EUCOPE’s study explicitly models this risk; if MFN links US prices to the lowest prices abroad, it can force companies into a choice between US revenues and launching in Europe, leading to delayed or withdrawn launches. The survey results show large majorities considering delay or withdrawal in response.  Le Monde reported similar concerns, including expectations of “US first, Europe later” sequencing and warnings that companies may delay or avoid launches in EU member states as spillover effects of MFN.  Reuters also captured this dynamic in analysis, including investor views that Europe could see longer delays depending on how MFN plays out.

Translate that to a small biotech board meeting, and the logic becomes brutal.

If launching in the UK creates any risk of pulling down the US net price, you do not “solve” that with clever comms.

You solve it by not launching in the UK yet.

What this means for UK launch planning for small companies

I think we are heading into a world where, for many small and mid-sized companies, the UK becomes one of three things.

A later market, after the US price is established, and after the MFN rules of the road are clearer.

A higher list price market with heavier reliance on confidential mechanisms, outcomes-based agreements, and carefully structured discounts, because visible low list prices are now globally dangerous.

A partner market, where you license, co-promote, or outsource market access capability to a player with the infrastructure to handle MFN risk, and the stamina to negotiate.
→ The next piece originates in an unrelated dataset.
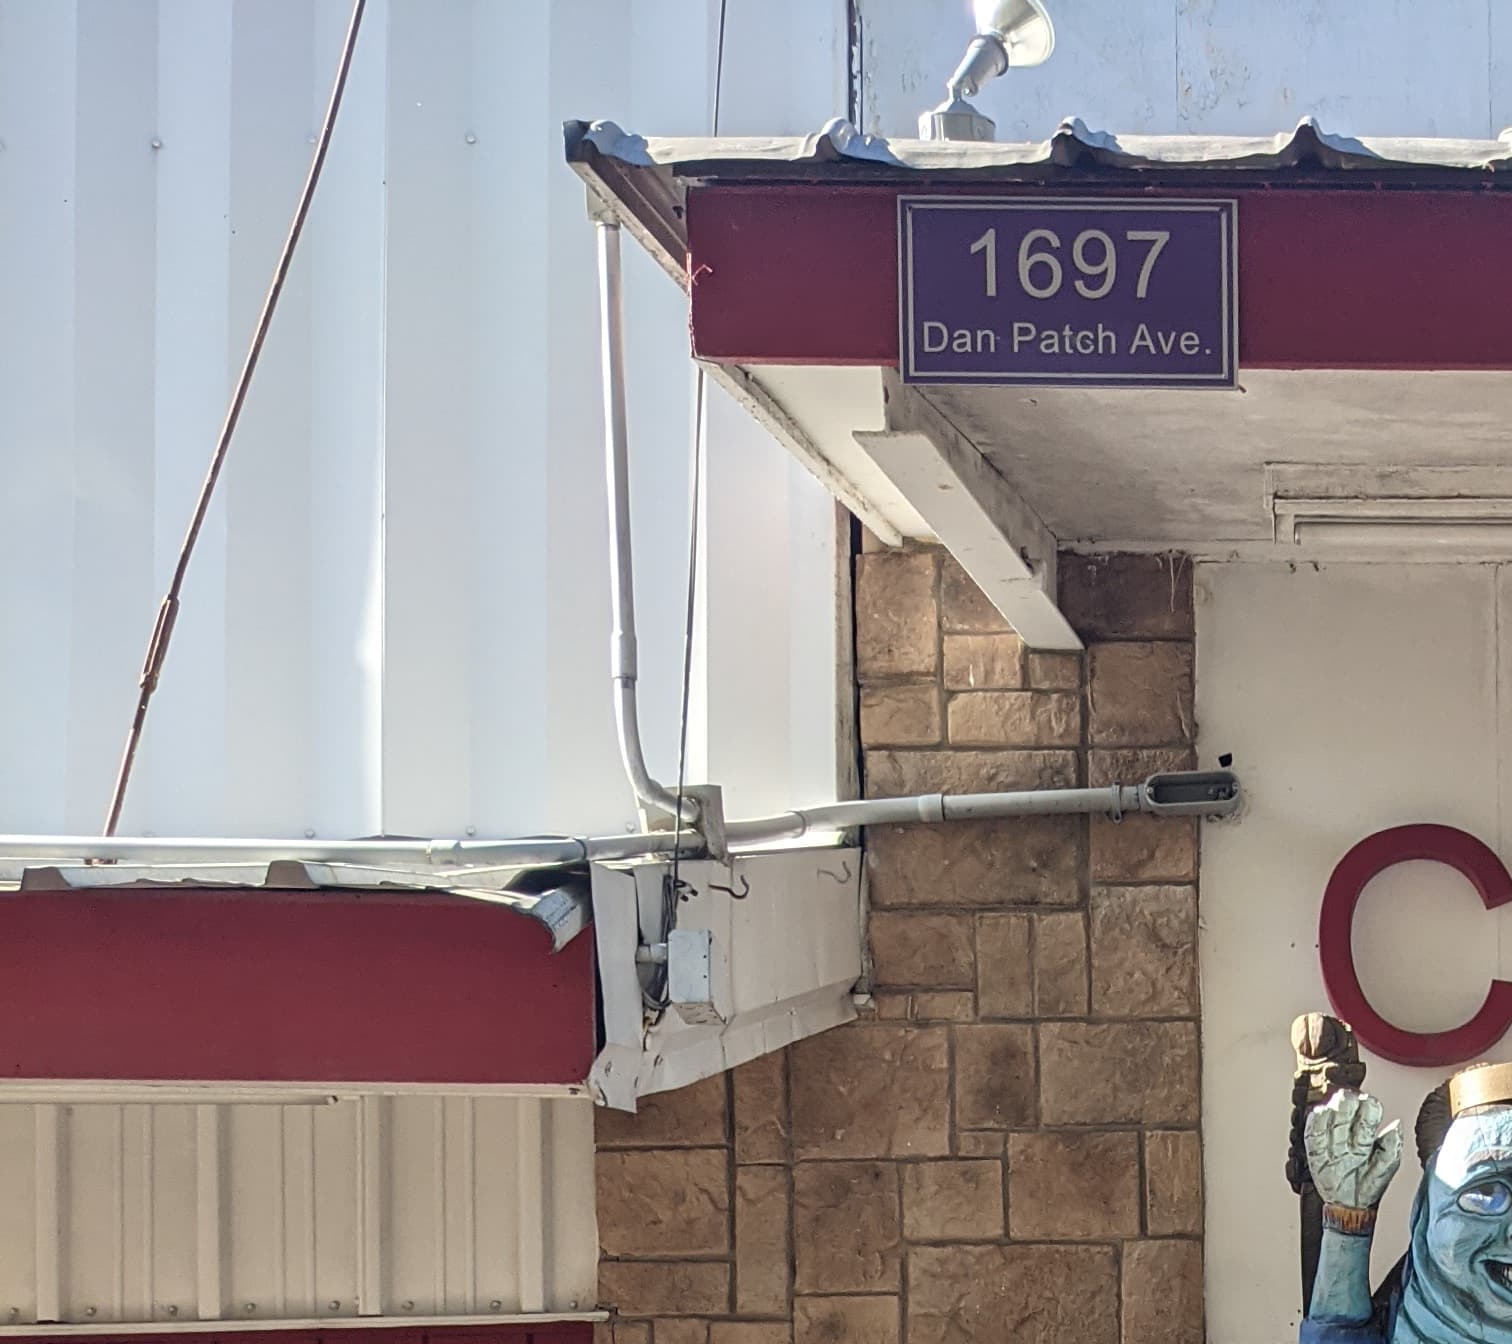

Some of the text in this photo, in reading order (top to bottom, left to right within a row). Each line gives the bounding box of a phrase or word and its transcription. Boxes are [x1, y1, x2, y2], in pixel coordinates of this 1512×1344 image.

[969, 227, 1171, 300] 1697
[922, 320, 1213, 355] Dan Patch Ave.
None of those outcomes are great if your goal is fast UK patient access to the next wave of innovation.

But they are very understandable if you are running a small company and your survival depends on US pricing integrity.

Or, could a form of outcome guarantee mechanism provide the solution? It’s effectively a discount without legally being a discount. It relies on guaranteeing and putting a value on the benefit, and it de-risks market entry. What are your thoughts?

If you are in a small or mid-sized biotech, or you advise them, how is MFN changing your UK launch sequencing, your NICE strategy, and your appetite for early discounting?

Are you going US first, UK later, or are you trying to build an MFN-proof UK approach from day one?